In the blog piece from Marcus Brotherton that I referred to earlier, Forest Guth stays to fight with his fellow soldiers even though injuries he sustained provided a ticket home. He chose to stay and fight. I’m fairly certain that it wasn’t because he was so enamored with going against the brutal German army. But, as Marcus points out, it was his willingness to enter into the battle that became his pathway to pursuing his passion of defending his nation with his foxhole friends.
Don’t get me wrong. I have not learned this lesson very well. I am too often moved by emotion and passion. And, I still believe very strongly that God has indeed designed each of us uniquely, with gifts and abilities that He’s given for His purposes. When we operate out of our strengths, pursue jobs, careers and activities that we are good at and we really enjoy we will do them better. Everyone wins. We will very likely do a better job when we love what we do and our performance is likely to be much better when we operate in our strengths.
But, to get that privilege of doing what we are passionate about, I think Marcus Brotherton hit it on the head…it’s as much about being willing to do the hard things as it about doing the things we like. And, as dads, we get the privilege of both practicing that raising our kids as well as training up our children to set those same expectations.

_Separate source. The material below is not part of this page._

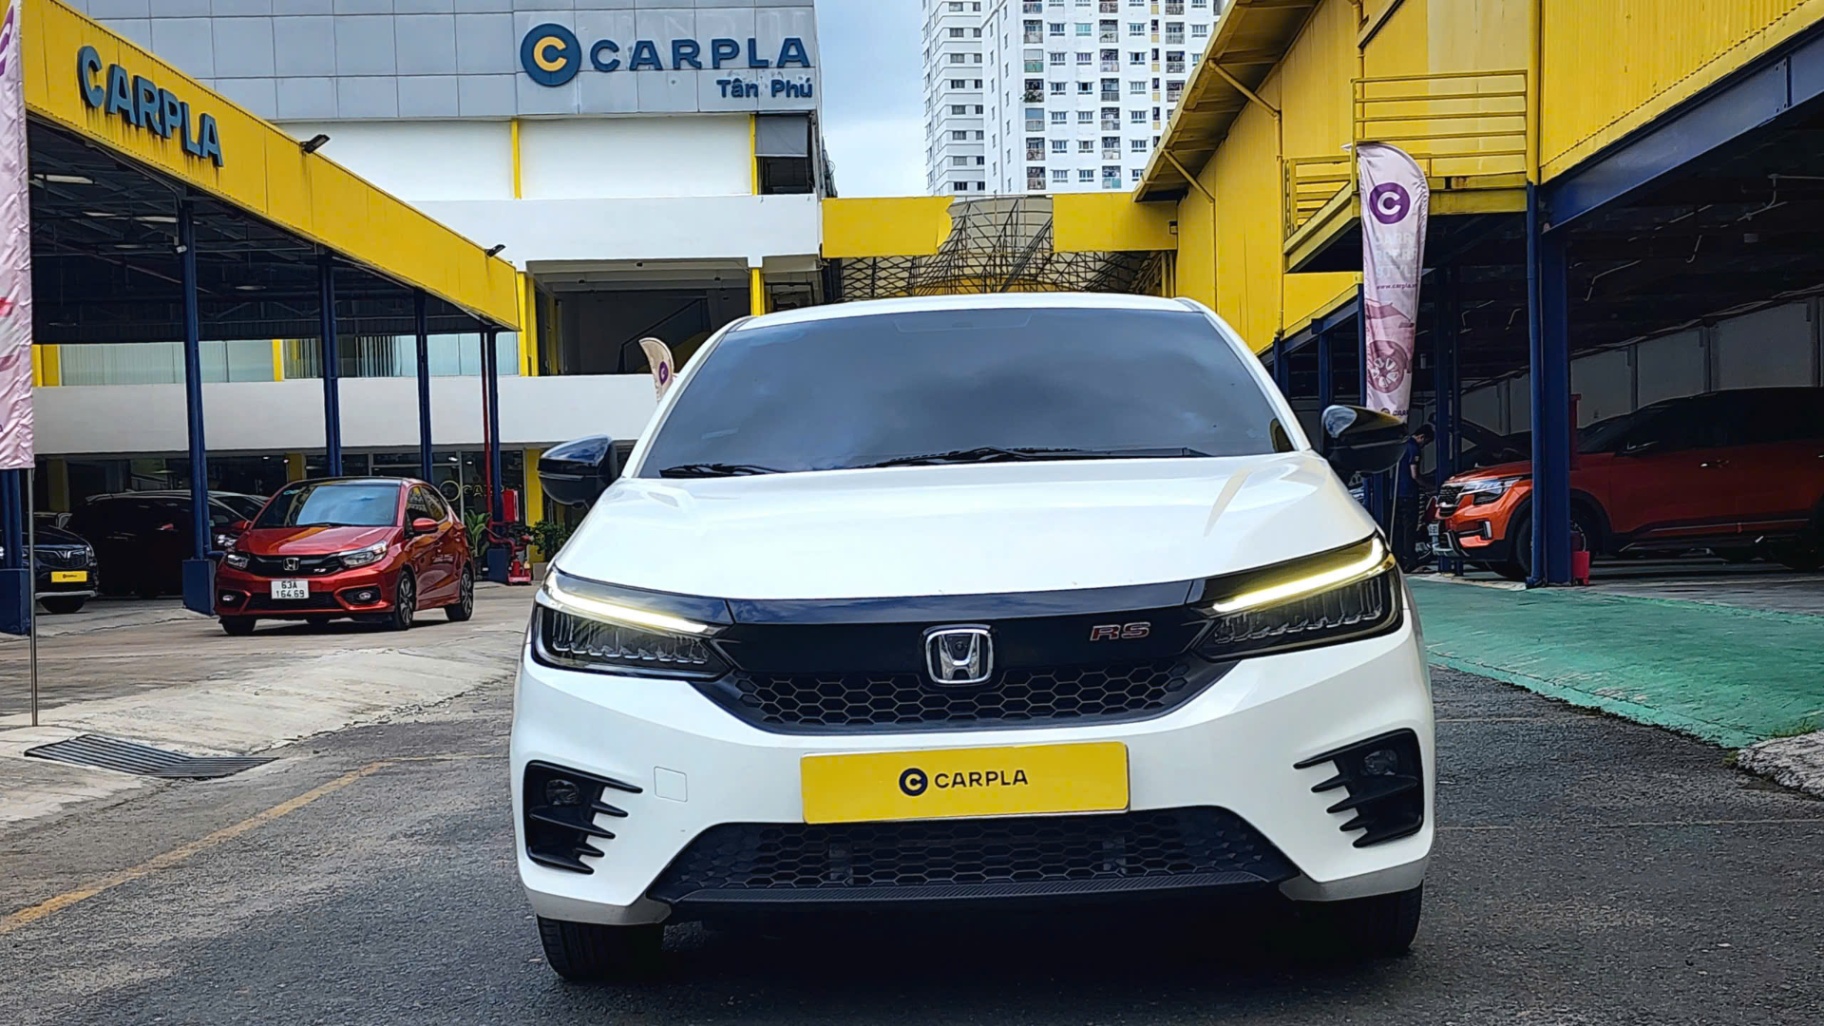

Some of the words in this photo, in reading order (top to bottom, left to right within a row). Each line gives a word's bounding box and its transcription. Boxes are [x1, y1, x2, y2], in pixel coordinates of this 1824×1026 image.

Jesus had to endure the cross in pursuit of his passion…doing the will of His Father. And, the Scriptures tell us He did that with joy. How could He possibly endure the shame, scorn and pain of the cross and consider it joy? Because He knew His willingness to go through the cross would ultimately lead to the salvation of millions of men and women through the forthcoming centuries. If Jesus was willing to pay the price to pursue His passion, it’s worth it for us and for us and for us to teach our children.
What do you need to be willing to do and to teach your children to do in order that you and they might pursue your passions with great joy?